7. Team Composition Looks Different at AI Companies
AI-native companies are operating with unprecedented efficiency. While a company like Cursor can have great PLG motion and reach $100M ARR with around 30 employees, most enterprise AI companies build a GTM team to reach scale. In a confusing market with intense competition where perceived product differentiation is limited, GTM makes all the difference. On the tech side, CTOs with an ML background will be more essential in the foundational model and middleware layer than in the application layer. Having a Head of AI to stay on top of the latest feature releases and skate to the right opportunity will create a nice complement as the CTO scales the technical organization and infrastructure.
8. SaaS Metrics Still Matter, But in a Different Way
LTV/CAC is still relevant, but velocity matters more. The “Triple, Triple, Double, Double, Double” (T2D3) growth model for top-tier SaaS is being replaced by an even more aggressive trajectory. Some have suggested the new top-quartile metric is “Quintuple, Quadruple, Triple.” For example, a company would grow from $1M to $5M, $5M to $20M, and $20M to $60M over three years. While this velocity is exciting, it can also be misleading. Rapid adoption in a hot market doesn’t guarantee a large TAM or durable revenue. While there is no public benchmark for churn metrics for AI companies yet, we know some of enterprise AI companies’ net revenue retention (NRR) at month 12 is well above 100 percent to compensate for the logo churns — see Glean at 120 percent, Writer at 160 percent, and Jasper for enterprise at 163 percent.

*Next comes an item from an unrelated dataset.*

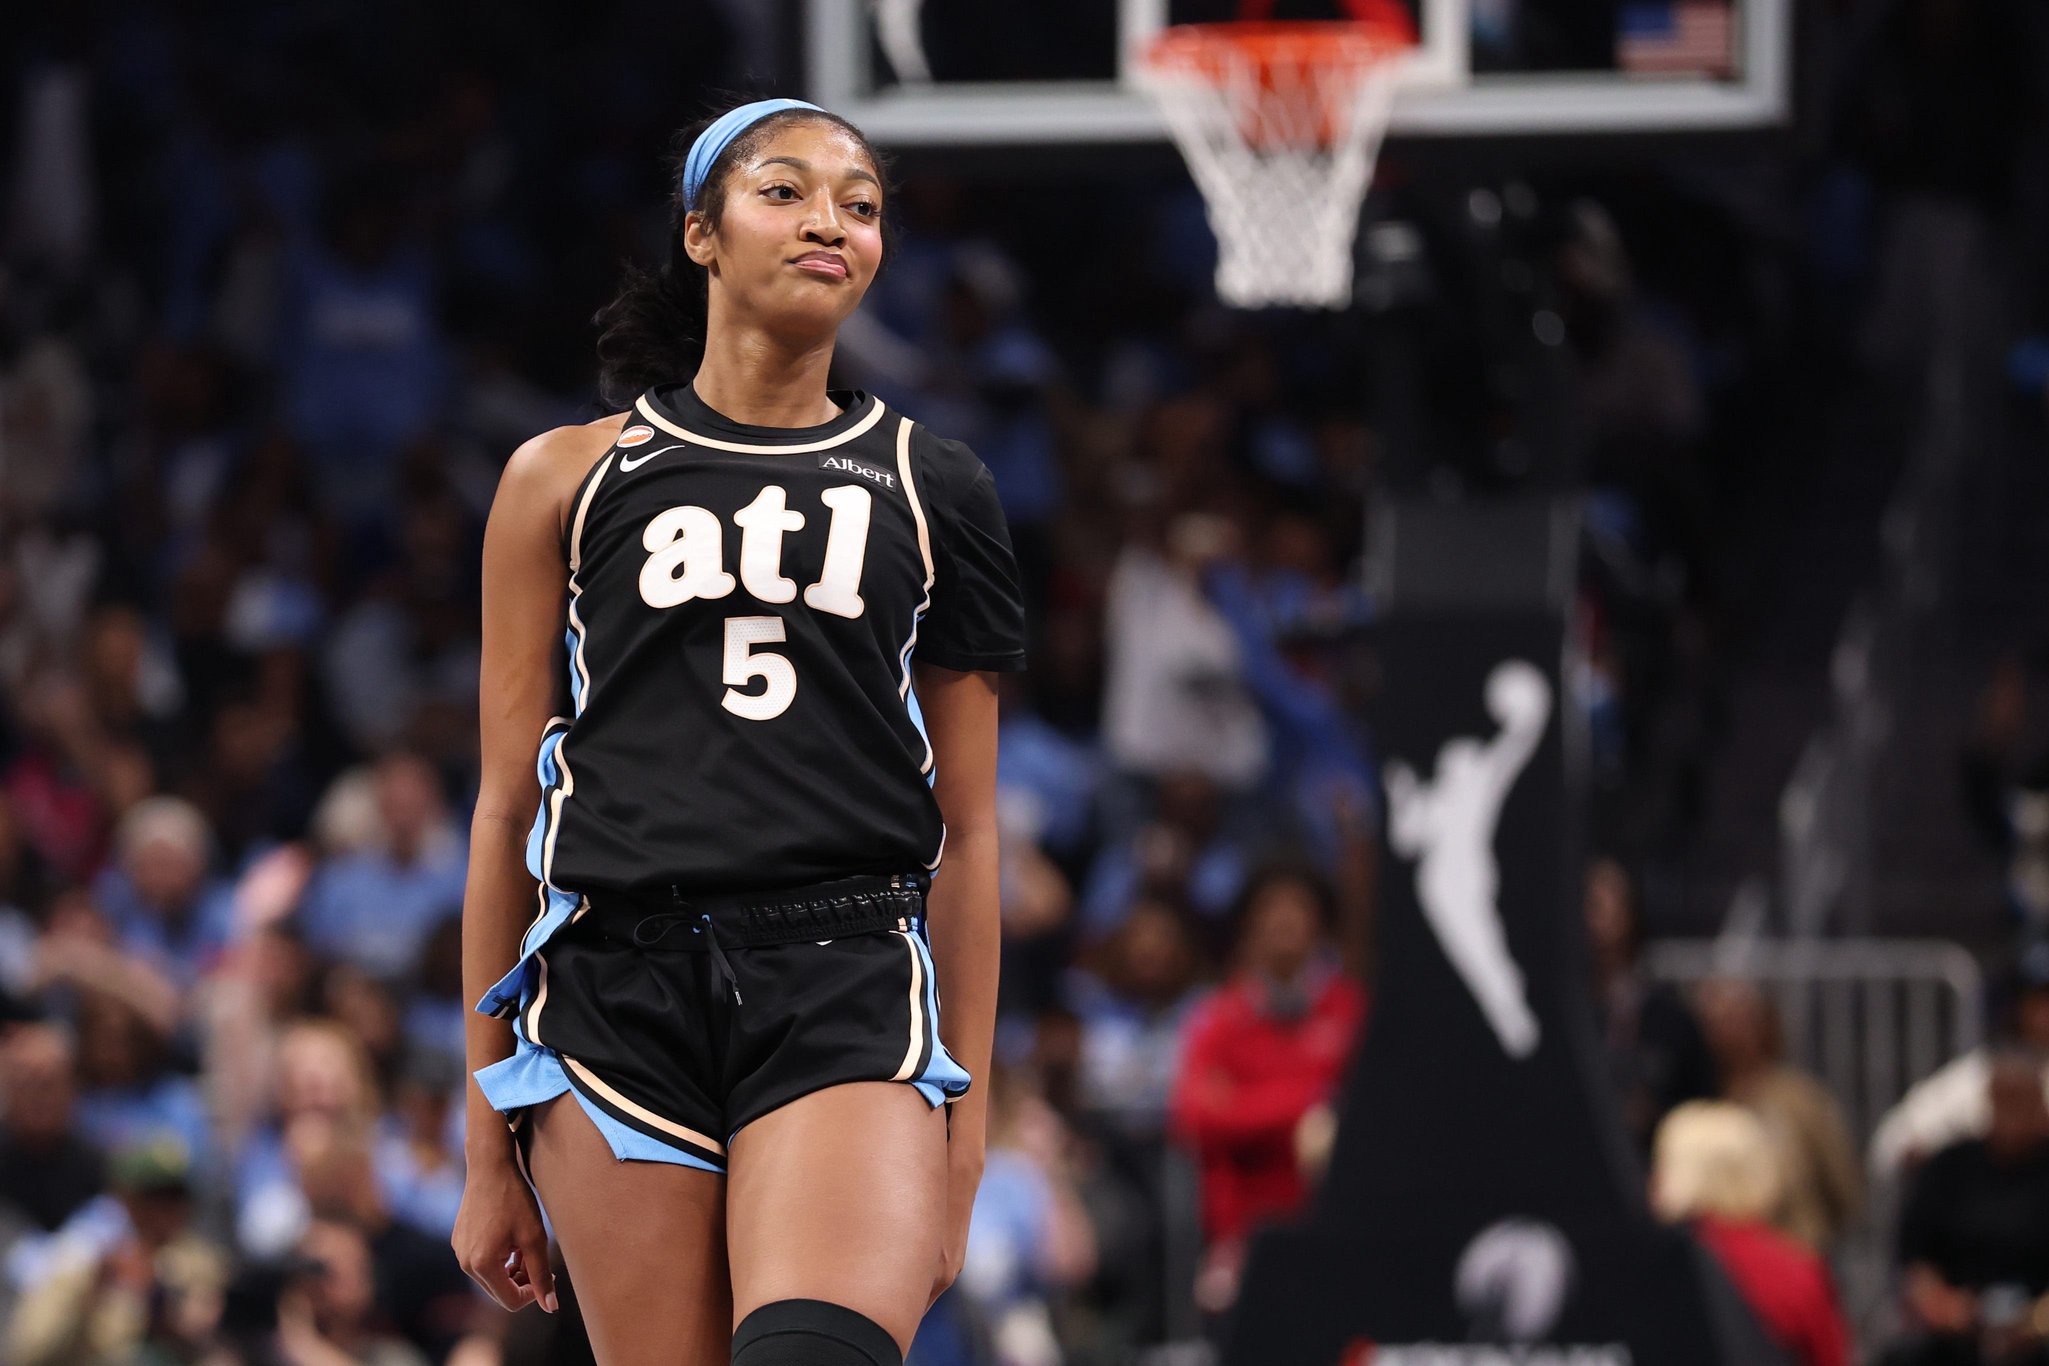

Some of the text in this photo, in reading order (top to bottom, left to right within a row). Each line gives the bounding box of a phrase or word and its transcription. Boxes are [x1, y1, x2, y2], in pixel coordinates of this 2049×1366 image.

[822, 456, 894, 488] Albert
[638, 484, 873, 619] atl
[721, 616, 797, 721] 5

9. Scrutinize Gross Margins And Unit Economics
AI companies often have high compute and model inference costs. While we see margins improve over time, investors must be vigilant about how costs are reported. As others have noted, companies may claim impressive gross margins even though a closer look at their P&L reveals millions in API calls and compute costs categorized under R&D. When re-categorized correctly, their margin was actually negative. Investors must always dig into the P&L to understand the true cost of goods sold.
10. Customer Love Doesn’t Guarantee Retention. Product Usage Is The True PMF
In a normal market, a high net promoter score (NPS) is a strong signal of future retention, but not necessarily in the current AI landscape. Customers may unanimously love a product today, but the market is evolving so quickly that a better alternative may appear in six months. Many enterprises are intentionally building flexibility into their tech stacks to easily swap vendors, so founders and investors alike should beware of “vibe revenue.” Therefore, look beyond NPS to metrics like product usage, which is a leading indicator of retention. Beware of “stealth churn,” where customers who are still paying see less frequent usage, or use a product for a lower percentage of their entire workflow.